▶ _What the task asks_
An exact restatement of the data is required, with the images omitted.

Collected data
◆ ◆ ◆

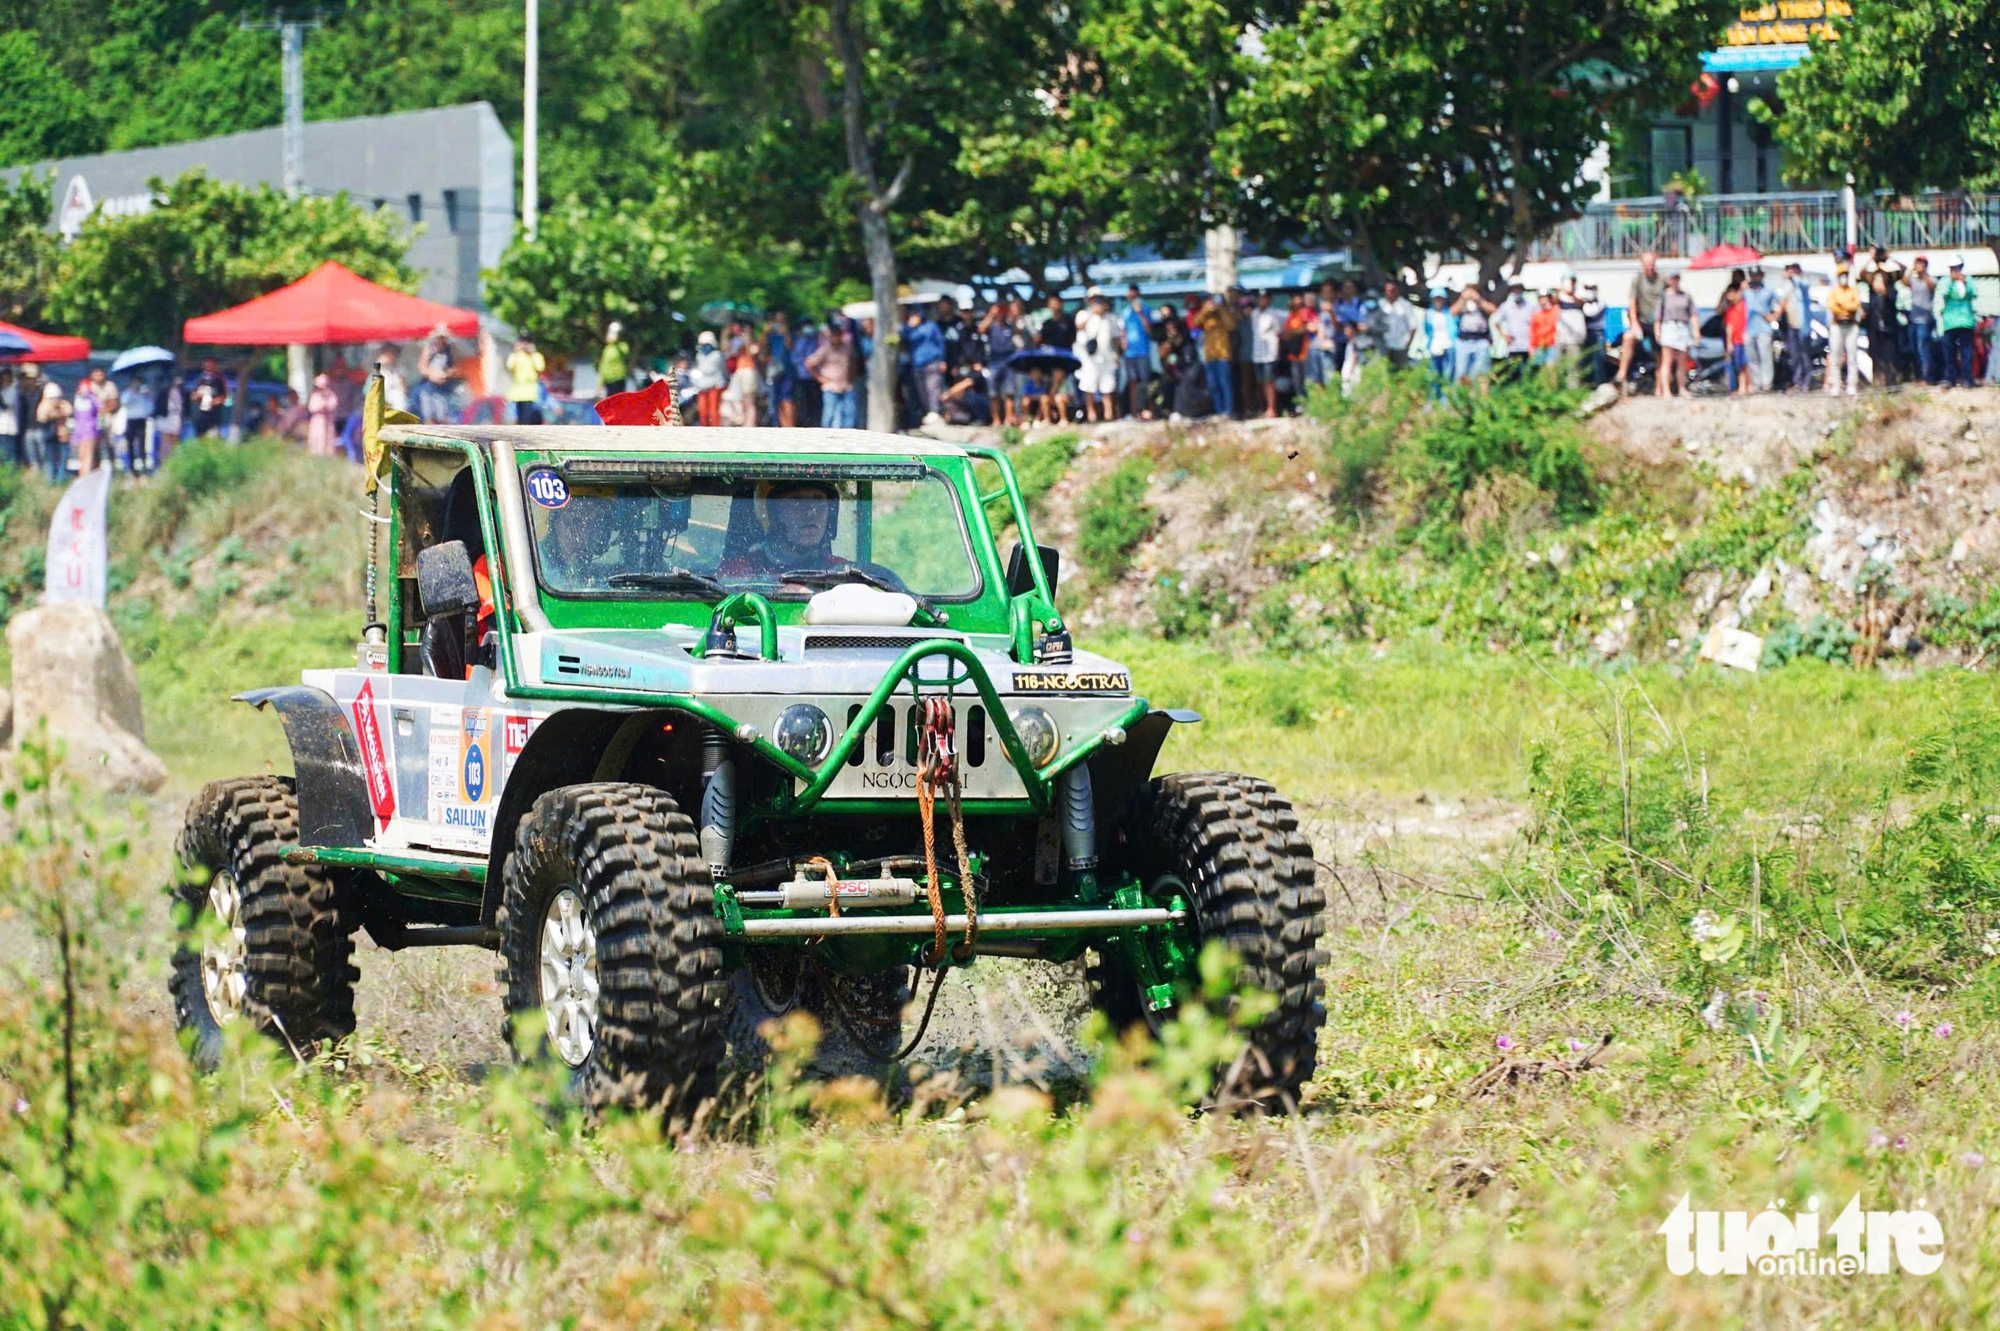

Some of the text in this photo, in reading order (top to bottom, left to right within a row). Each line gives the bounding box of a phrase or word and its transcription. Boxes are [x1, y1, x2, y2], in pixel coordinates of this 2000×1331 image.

[531, 477, 566, 500] 103
[468, 761, 481, 786] 103
[445, 807, 486, 827] SAILUN
[472, 828, 487, 837] TIRE

◆ ◆ ◆

▶ _Solution to the problem_
Some of the text in this photo, in reading order (top to bottom, left to right within a row). Each line gives the bounding box of a phrase or word and its transcription. Boxes are [x1, y1, x2, y2], in pixel coordinates of this 2000×1331 image.

[531, 477, 566, 500] 103
[468, 761, 481, 786] 103
[445, 807, 486, 827] SAILUN
[472, 828, 487, 837] TIRE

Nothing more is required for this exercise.